Da tempo la scienza ha dimostrato che tagliare in numero delle calorie ingerite ogni giorno allunga la vita di molti organismi (dal ‘vermiciattolo dei Nobel’, il Caenorhabditis elegans, all’uomo) e riduce il rischio di malattie legate all’età, tumore compreso. Il problema è che non è facile seguire una dieta marcatamente ipocalorica per anni, perché l’organismo prima o poi si ribella e fa scattare meccanismi di difesa, tra i quali una fame incontrollabile. La restrizione proteica potrebbe invece rappresentare una valida soluzione: studi su mosche e roditori, hanno evidenziato che quelli che assumevano meno proteine vivevano più a lungo anche senza apportare tagli drastici alle calorie. E trial clinici recenti, hanno confermato che chi riduce l’apporto proteico, perde peso e massa grassa e migliora la glicemia a digiuno, spesso senza rinunciare alle calorie.
L’FGF21: un nuovo player del metabolismo da studiare meglio
Al centro di tutto ci sarebbe un ormone ancora poco noto, ma dagli effetti interessanti: l’FGF21 (fibroblast growth factor 21), i cui livelli tendono ad aumentare quando si riduce l’apporto proteico. Studi condotti sui topi hanno dimostrato che gli animali con i livelli più alti di FGF21 vivevano più a lungo (in particolare i maschi). Anche nell’uomo, mangiare meno proteine fa aumentare l’FGF21, con benefici su dispendio energetico, regolazione della glicemia e infiammazione.
Sul banco degli imputati anche alcuni aminoacidi specifici, i mattoncini che compongono le proteine: metionina, isoleucina e valina, se assunti in eccesso, sembrano attivare alcuni percorsi biologici che, se rimangono sempre “accesi”, potrebbero favorire obesità, infiammazione e altri disturbi tipici dell’invecchiamento.
Personalizzazione della dieta ed esercizio fisico
Ma i risultati degli studi non sono tutti concordanti e la storia si complica. Altri lavori suggeriscono che un maggior apporto proteico aiuta a perdere peso e, soprattutto negli anziani, a preservare la massa muscolare, specialmente quando si abbini un programma di esercizio fisico. Non è un caso che le linee guida alimentari statunitensi, aggiornate proprio quest’anno, abbiano quasi raddoppiato le raccomandazioni precedenti, relative al contenuto di proteine nella dieta, suggerendo un apporto di 1,2-1,6 grammi di proteine per chilo di peso corporeo al giorno.

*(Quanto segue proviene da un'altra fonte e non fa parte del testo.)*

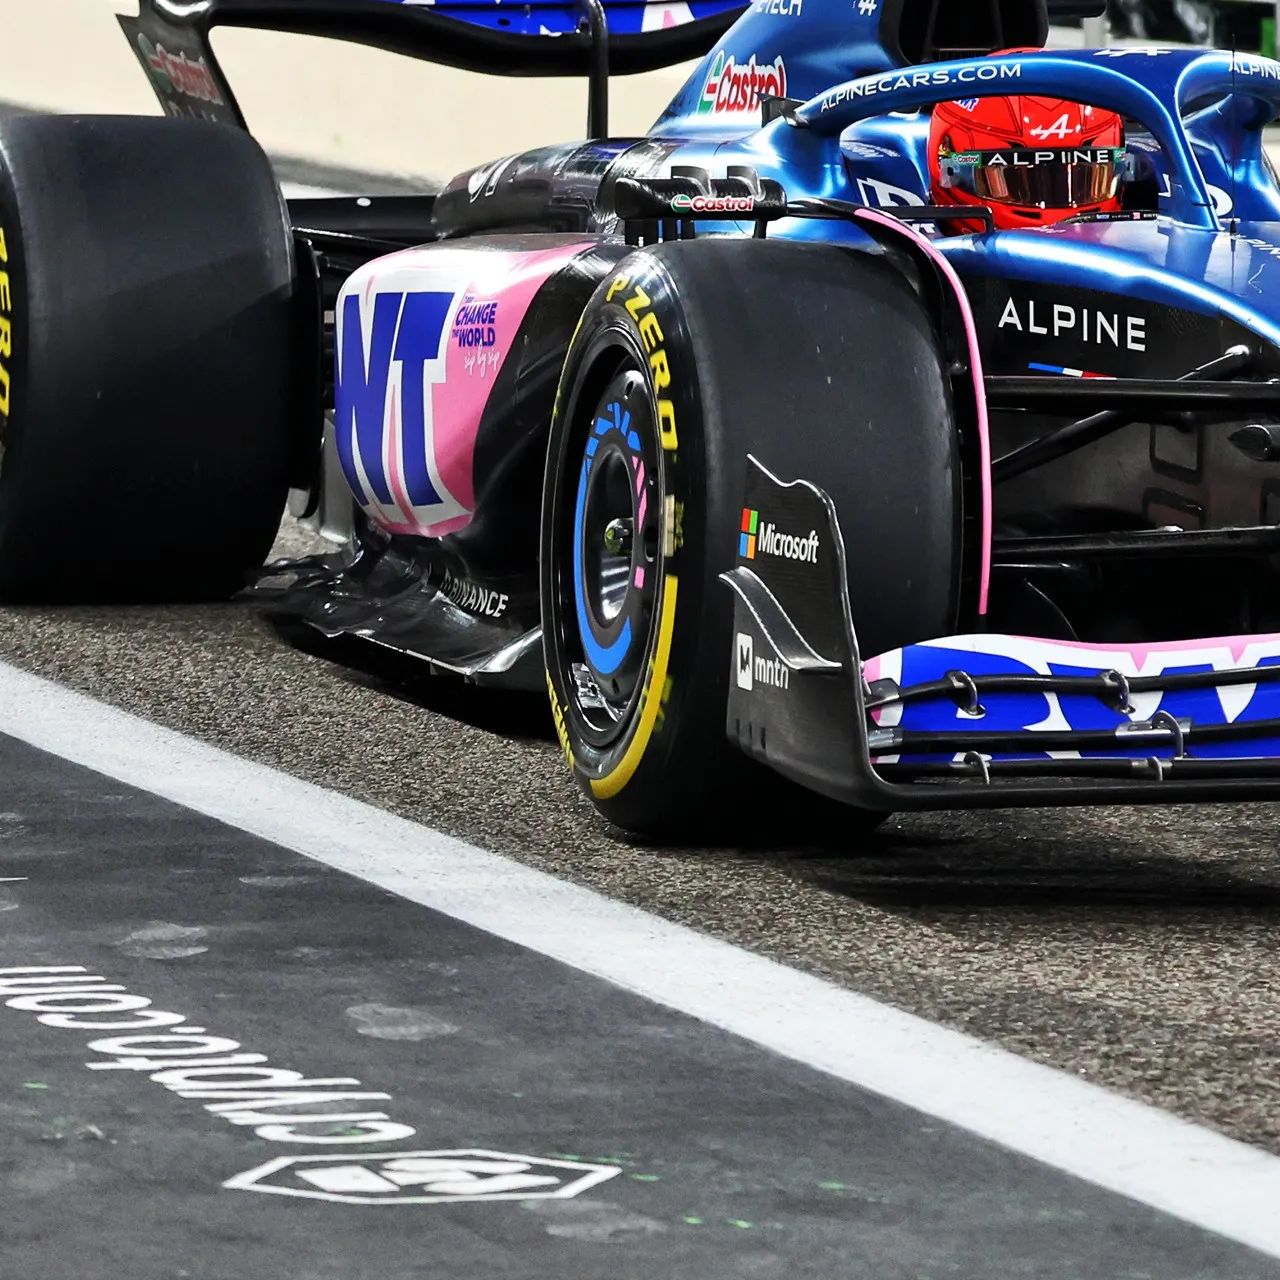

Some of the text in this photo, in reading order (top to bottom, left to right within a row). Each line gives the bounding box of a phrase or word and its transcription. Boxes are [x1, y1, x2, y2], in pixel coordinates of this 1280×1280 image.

La chiave di volta, secondo Lamming, sta proprio nell’attività fisica: gli atleti consumano grandi quantità di proteine, senza sviluppare conseguenze metaboliche negative, forse perché l’esercizio fisico regolare indirizza le proteine verso la “costruzione” e il mantenimento del muscolo, anziché verso la crescita cellulare incontrollata.